**** DATA FOR ANALYSIS ****

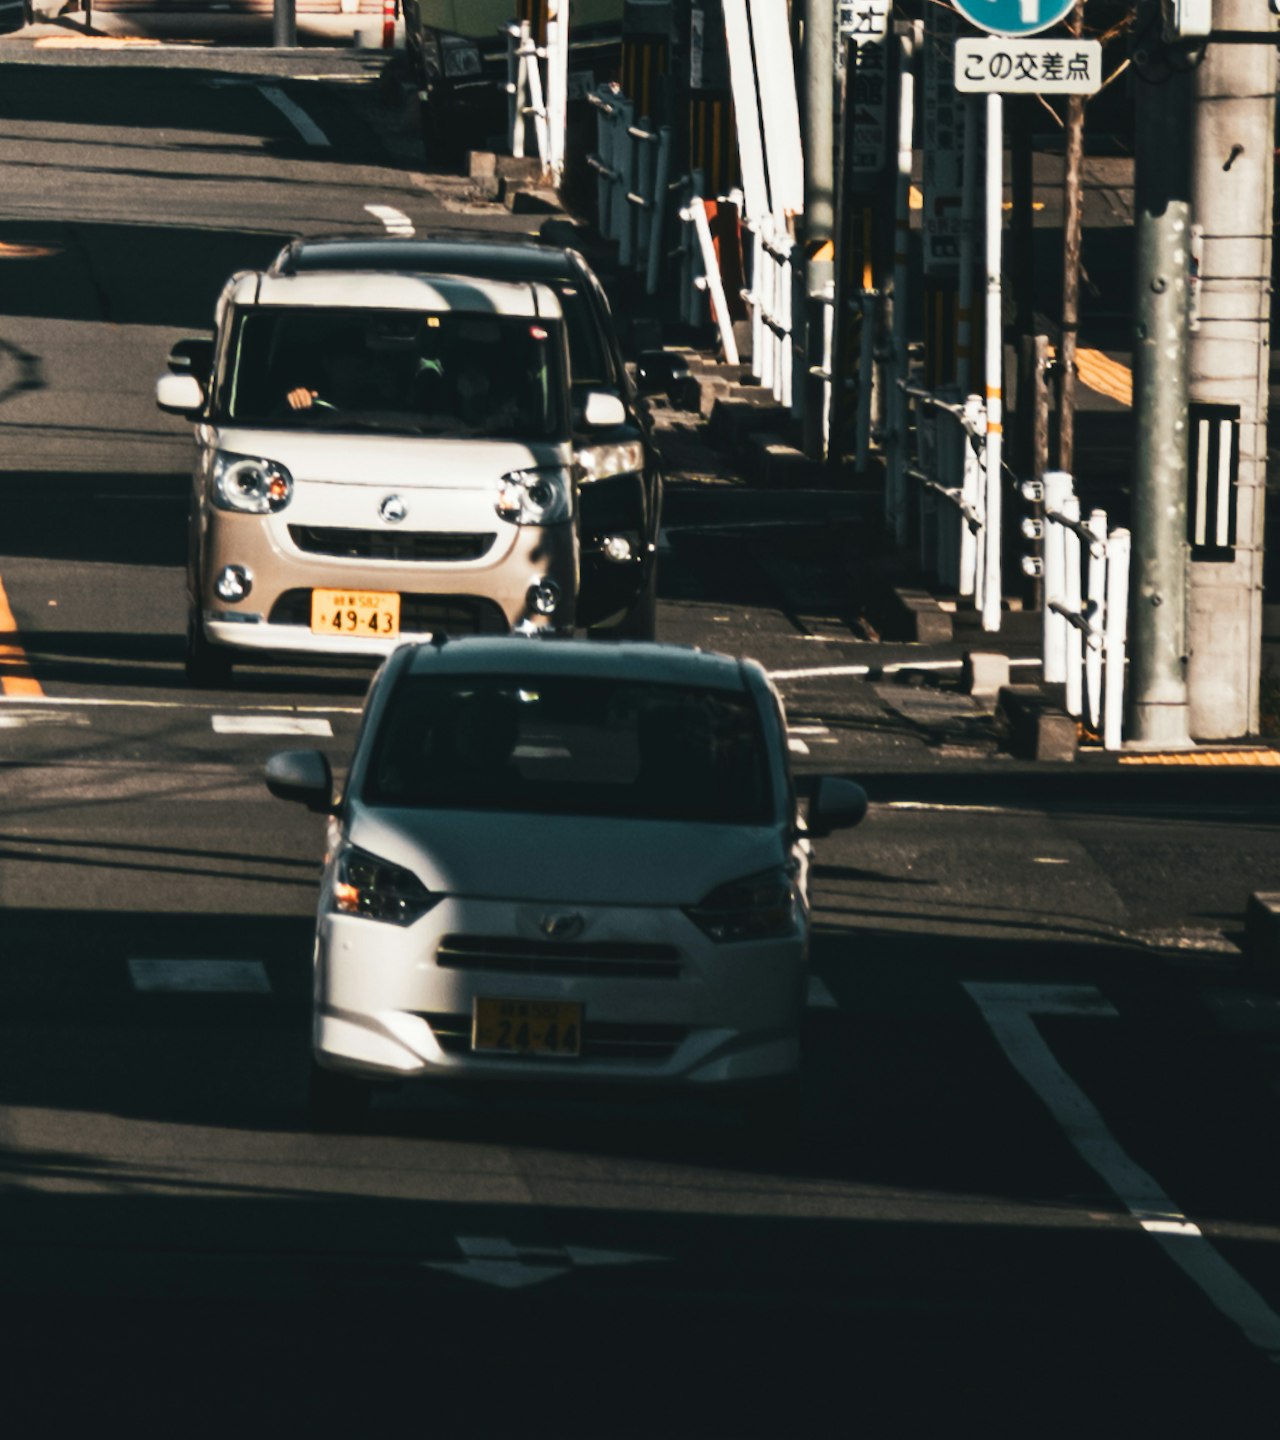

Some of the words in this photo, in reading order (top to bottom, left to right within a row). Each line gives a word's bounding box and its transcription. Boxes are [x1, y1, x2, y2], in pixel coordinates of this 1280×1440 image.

[964, 53, 1090, 81] この交差点
[332, 609, 393, 633] 49-43
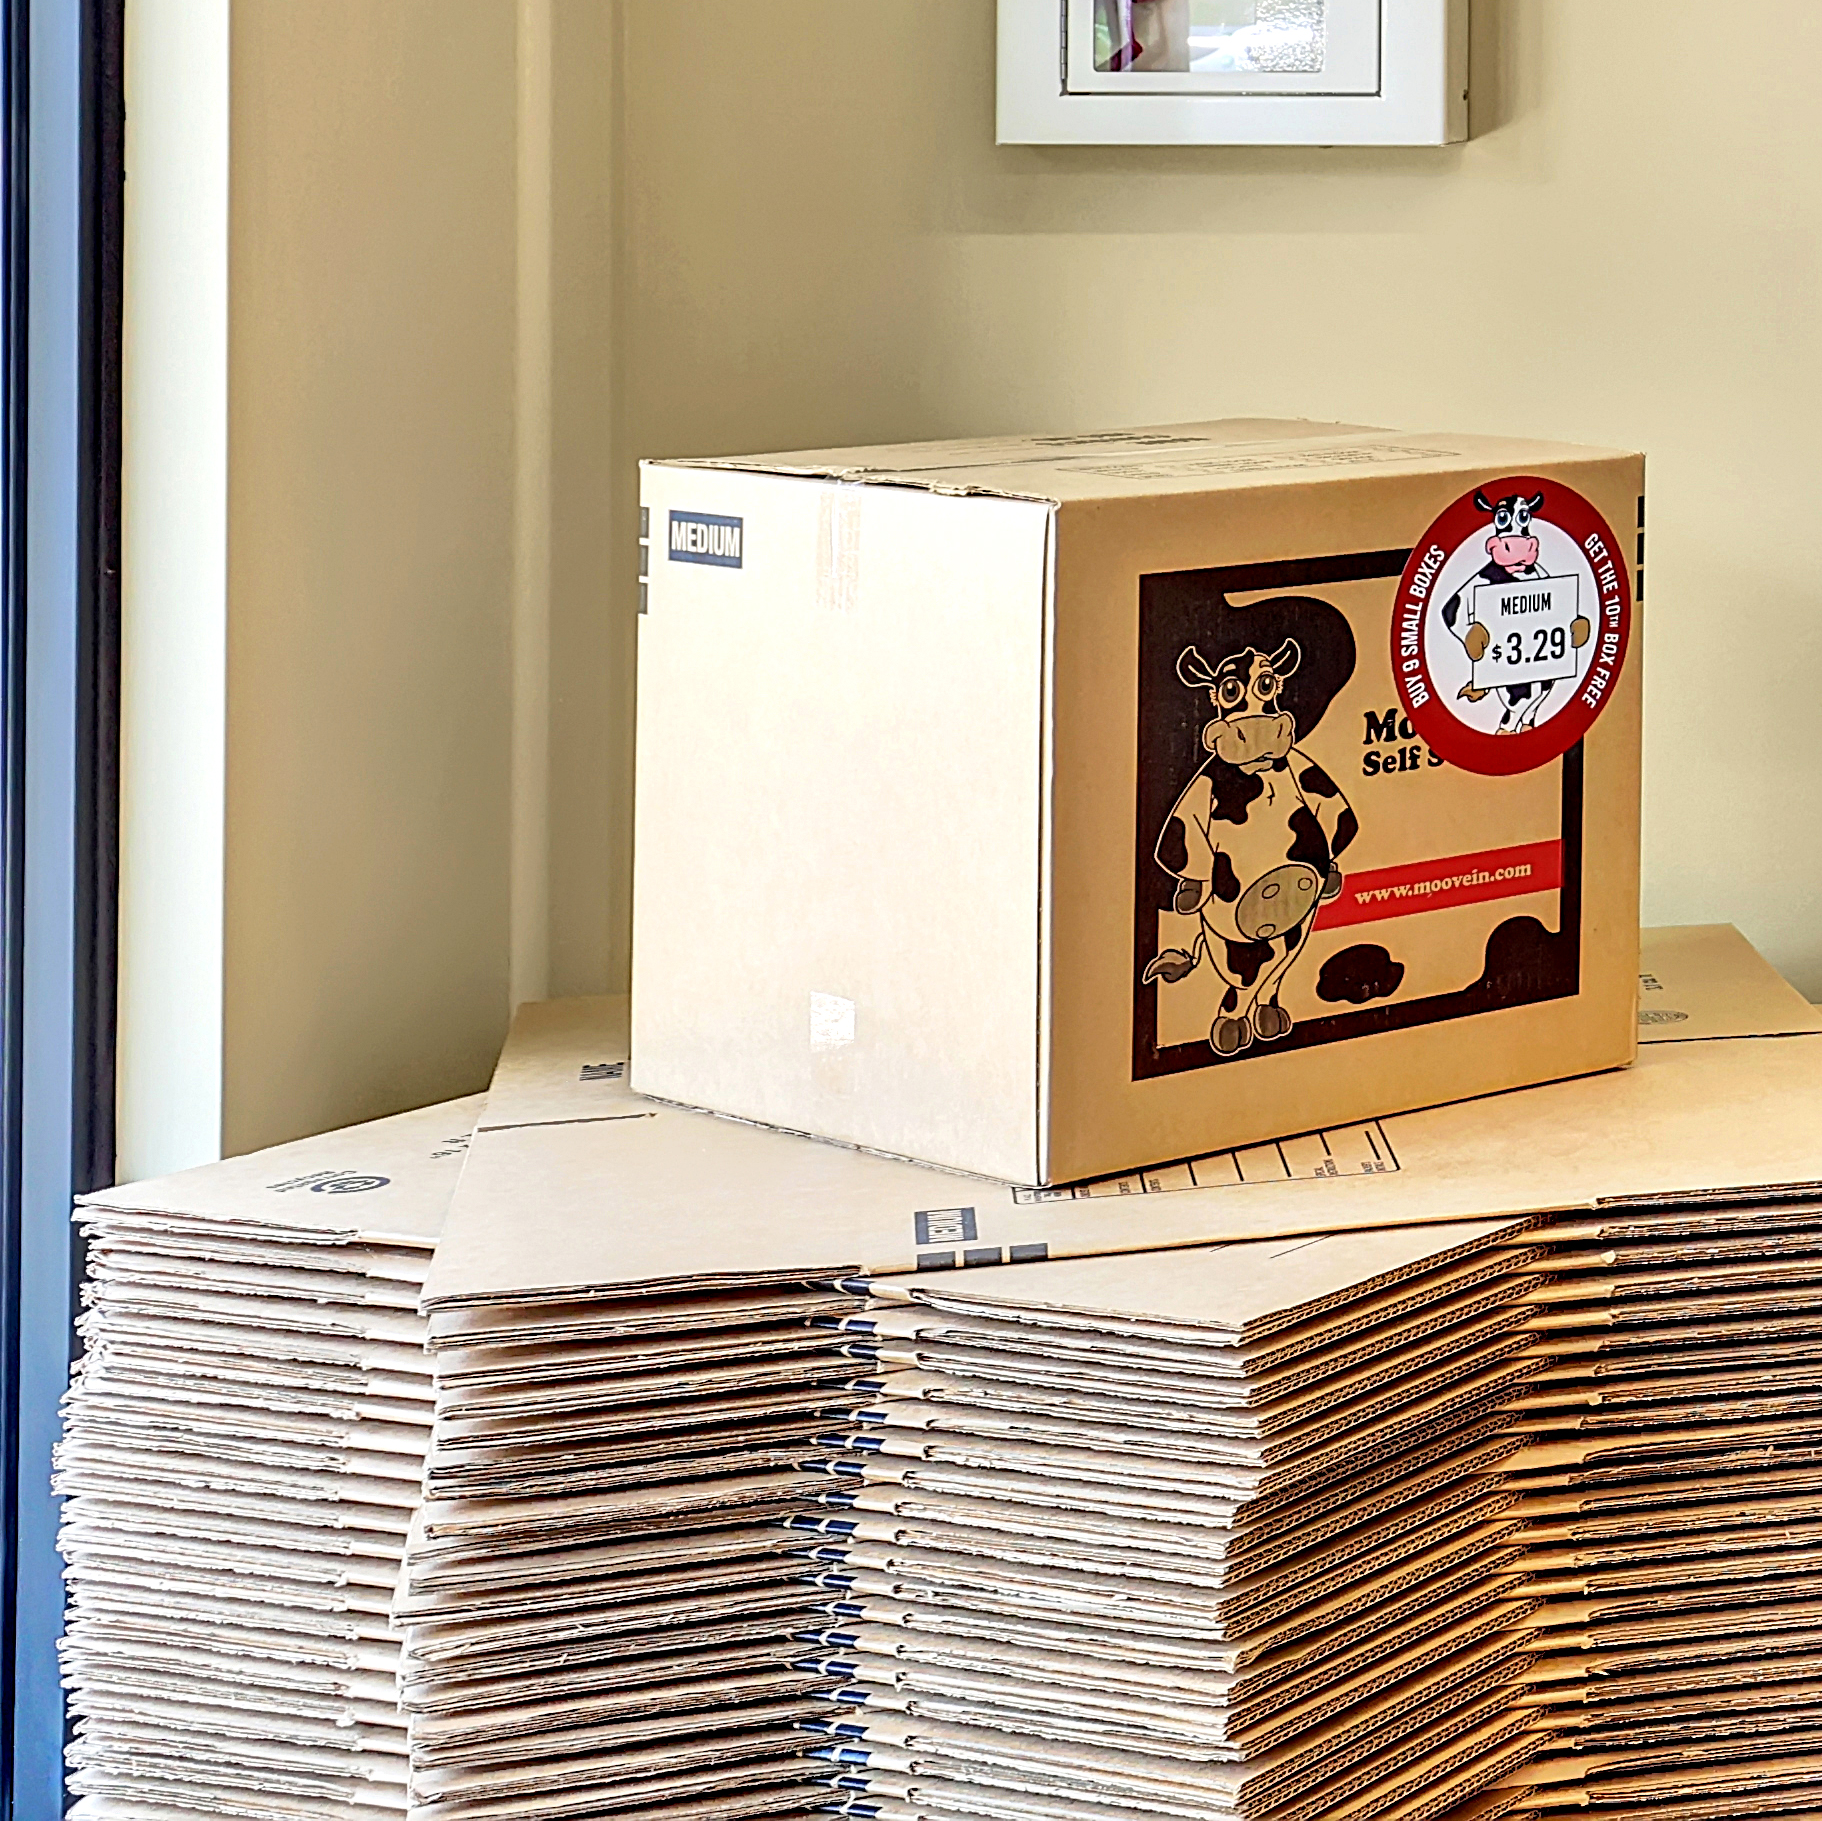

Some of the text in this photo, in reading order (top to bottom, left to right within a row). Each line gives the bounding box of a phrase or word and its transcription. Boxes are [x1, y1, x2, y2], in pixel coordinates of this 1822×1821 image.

[671, 520, 741, 557] MEDIUM
[1584, 532, 1607, 562] GET
[1597, 559, 1618, 593] THE
[1501, 593, 1551, 616] MEDIUM
[1401, 544, 1445, 708] BUY 9 SMALL BOXES
[1492, 627, 1565, 665] $3.29
[1598, 633, 1619, 665] BOX
[1581, 667, 1610, 708] FREE
[1363, 745, 1421, 776] Self
[1355, 862, 1532, 906] www.moovein.com

****

- **PROBLEM DETAILS**:
Nothing but the records above, retyped exactly and stripped of images, should appear in the answer.

- **ANSWER BELOW**:
Some of the words in this photo, in reading order (top to bottom, left to right within a row). Each line gives a word's bounding box and its transcription. Boxes are [x1, y1, x2, y2], in pixel coordinates of this 1280×1440 image.

[964, 53, 1090, 81] この交差点
[332, 609, 393, 633] 49-43

Some of the text in this photo, in reading order (top to bottom, left to right within a row). Each line gives the bounding box of a phrase or word and its transcription. Boxes are [x1, y1, x2, y2], in pixel coordinates of this 1822×1821 image.

[671, 520, 741, 557] MEDIUM
[1584, 532, 1607, 562] GET
[1597, 559, 1618, 593] THE
[1501, 593, 1551, 616] MEDIUM
[1401, 544, 1445, 708] BUY 9 SMALL BOXES
[1492, 627, 1565, 665] $3.29
[1598, 633, 1619, 665] BOX
[1581, 667, 1610, 708] FREE
[1363, 745, 1421, 776] Self
[1355, 862, 1532, 906] www.moovein.com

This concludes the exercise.